Hybrid-Balance GFlowNet for Solving Vehicle Routing Problems
Ni Zhang, Zhiguang Cao
TL;DR
This work addresses the VRP challenge of needing both global trajectory optimization and local transition quality. It introduces Hybrid-Balance GFlowNet (HBG), which unifies TB and DB under a principled, adaptive framework, and adds a VRP-tailored DB objective plus depot-guided inference for CVRP. Empirical results show that integrating HBG into AGFN and GFACS yields significant improvements on CVRP and TSP benchmarks, with strong scalability and generalization, including real-world CVRPLIB XXL data.
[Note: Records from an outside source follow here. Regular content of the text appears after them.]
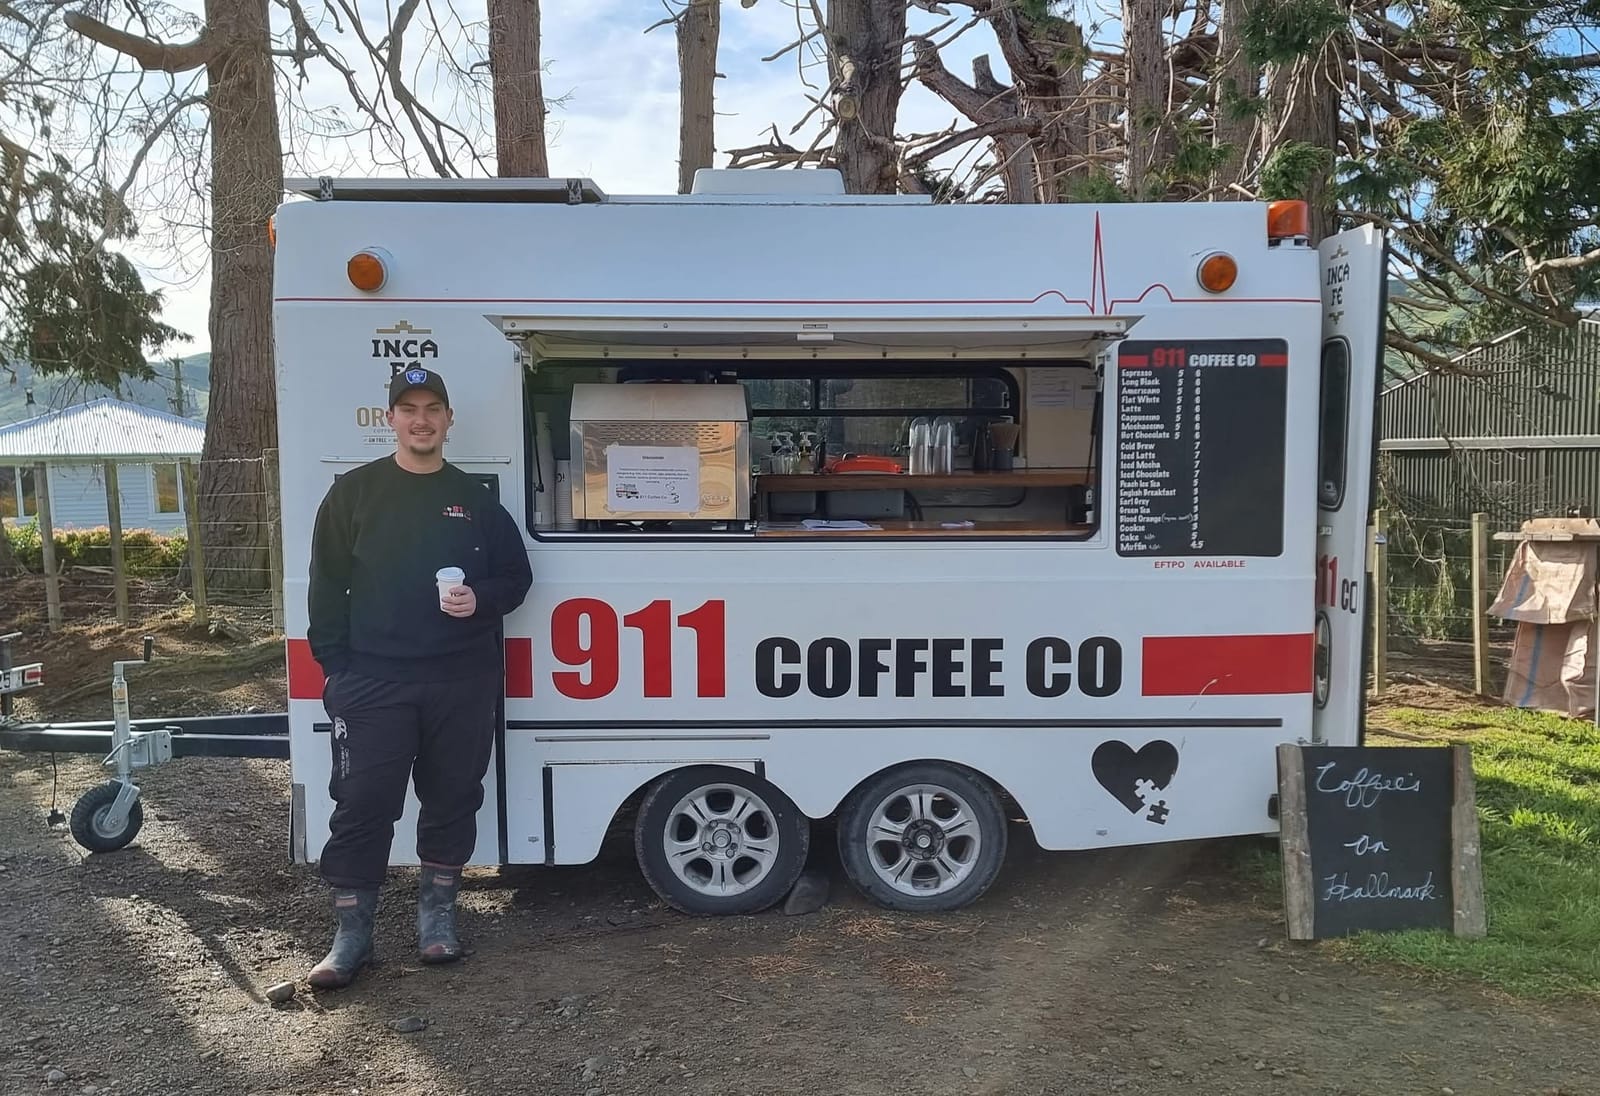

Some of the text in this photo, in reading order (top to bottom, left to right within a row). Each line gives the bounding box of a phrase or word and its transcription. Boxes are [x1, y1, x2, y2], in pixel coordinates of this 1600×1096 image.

[1327, 263, 1350, 286] INCA
[372, 339, 438, 358] INCA
[1153, 348, 1256, 367] 911 COFFEE CO
[1121, 369, 1201, 378] Espresso 5 6
[1121, 377, 1201, 387] Long Black 5 6
[1178, 387, 1184, 395] 5
[1195, 387, 1201, 395] 6
[1177, 396, 1183, 404] 5
[1194, 396, 1200, 404] 6
[1176, 405, 1182, 413] 5
[1194, 405, 1200, 413] 6
[1176, 414, 1182, 422] 5
[1194, 414, 1200, 422] 6
[1176, 423, 1182, 431] 5
[1194, 423, 1200, 431] 6
[1135, 431, 1170, 439] Chocolate
[1175, 432, 1181, 440] 5
[1194, 432, 1200, 440] 6
[1120, 441, 1200, 450] Cold Brew 7
[1120, 451, 1200, 459] Iced Latte 7
[1120, 460, 1200, 469] Iced Mocha 7
[1120, 469, 1200, 478] Iced Chocolate 7
[1120, 489, 1142, 497] English
[1143, 488, 1176, 496] Breakfast
[1138, 515, 1161, 523] Orange
[1120, 524, 1145, 532] Cookie
[1120, 542, 1147, 551] Muffin
[1154, 560, 1246, 569] EFTPO AVAILABLE
[1316, 554, 1338, 608] 11
[550, 597, 1123, 700] 911 COFFEE CO
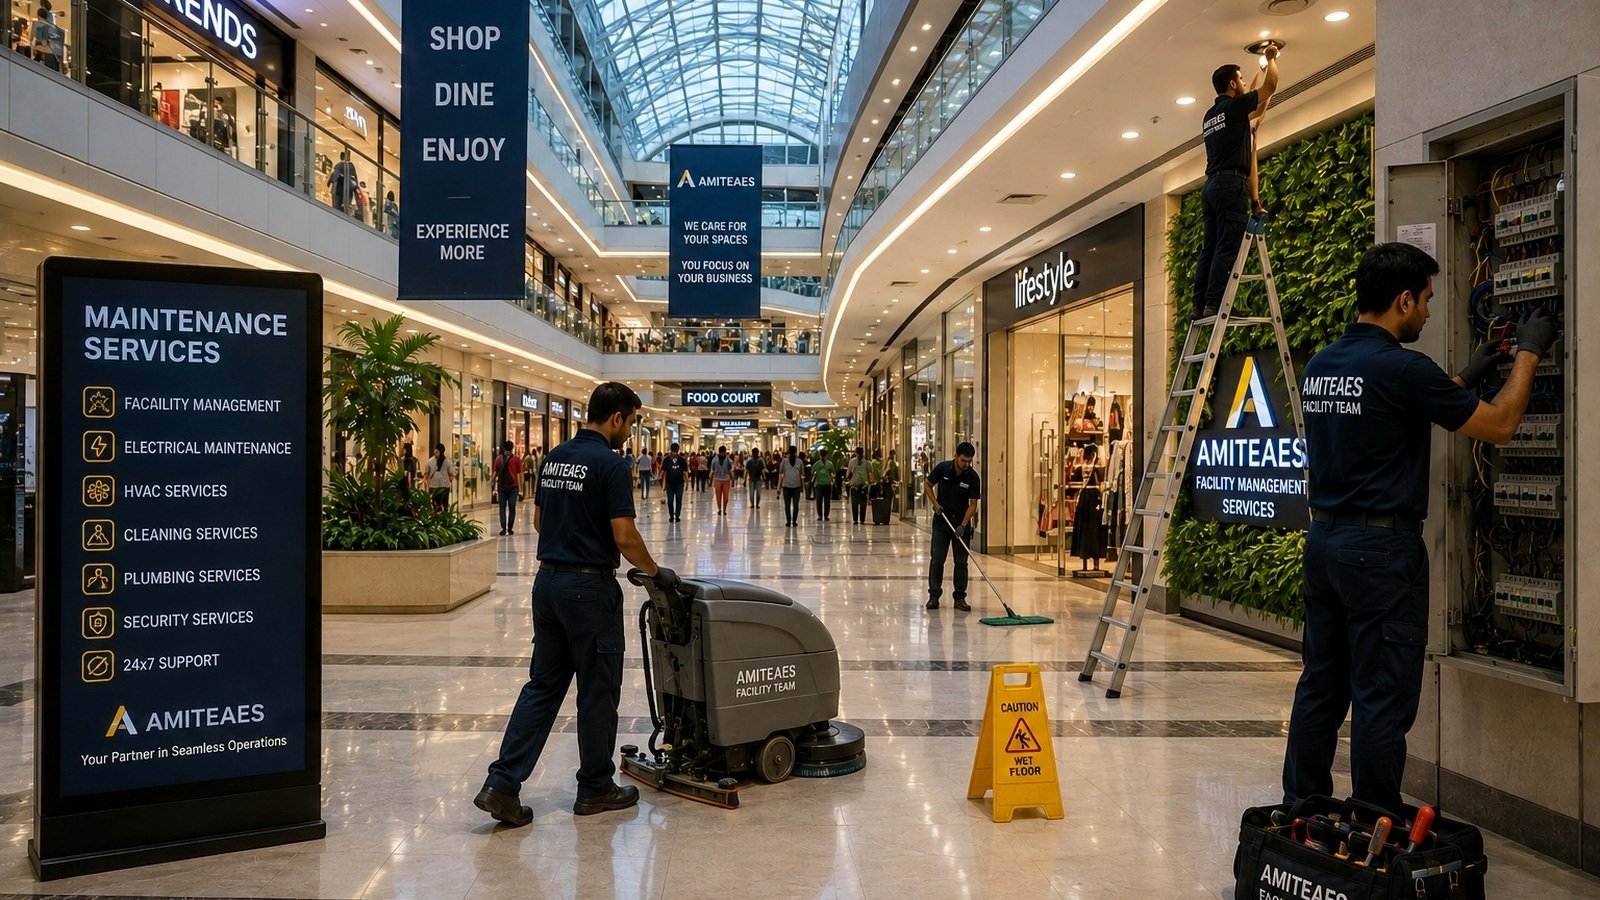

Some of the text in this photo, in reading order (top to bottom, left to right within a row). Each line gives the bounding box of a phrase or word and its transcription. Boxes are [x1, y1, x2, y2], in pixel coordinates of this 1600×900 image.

The framework advances solution quality and robustness by balancing global and local signals, offering a practical path to more effective VRP solvers.
Abstract
Existing GFlowNet-based methods for vehicle routing problems (VRPs) typically employ Trajectory Balance (TB) to achieve global optimization but often neglect important aspects of local optimization. While Detailed Balance (DB) addresses local optimization more effectively, it alone falls short in solving VRPs, which inherently require holistic trajectory optimization. To address these limitations, we introduce the Hybrid-Balance GFlowNet (HBG) framework, which uniquely integrates TB and DB in a principled and adaptive manner by aligning their intrinsically complementary strengths. Additionally, we propose a specialized inference strategy for depot-centric scenarios like the Capacitated Vehicle Routing Problem (CVRP), leveraging the depot node's greater flexibility in selecting successors. Despite this specialization, HBG maintains broad applicability, extending effectively to problems without explicit depots, such as the Traveling Salesman Problem (TSP). We evaluate HBG by integrating it into two established GFlowNet-based solvers, i.e., AGFN and GFACS, and demonstrate consistent and significant improvements across both CVRP and TSP, underscoring the enhanced solution quality and generalization afforded by our approach.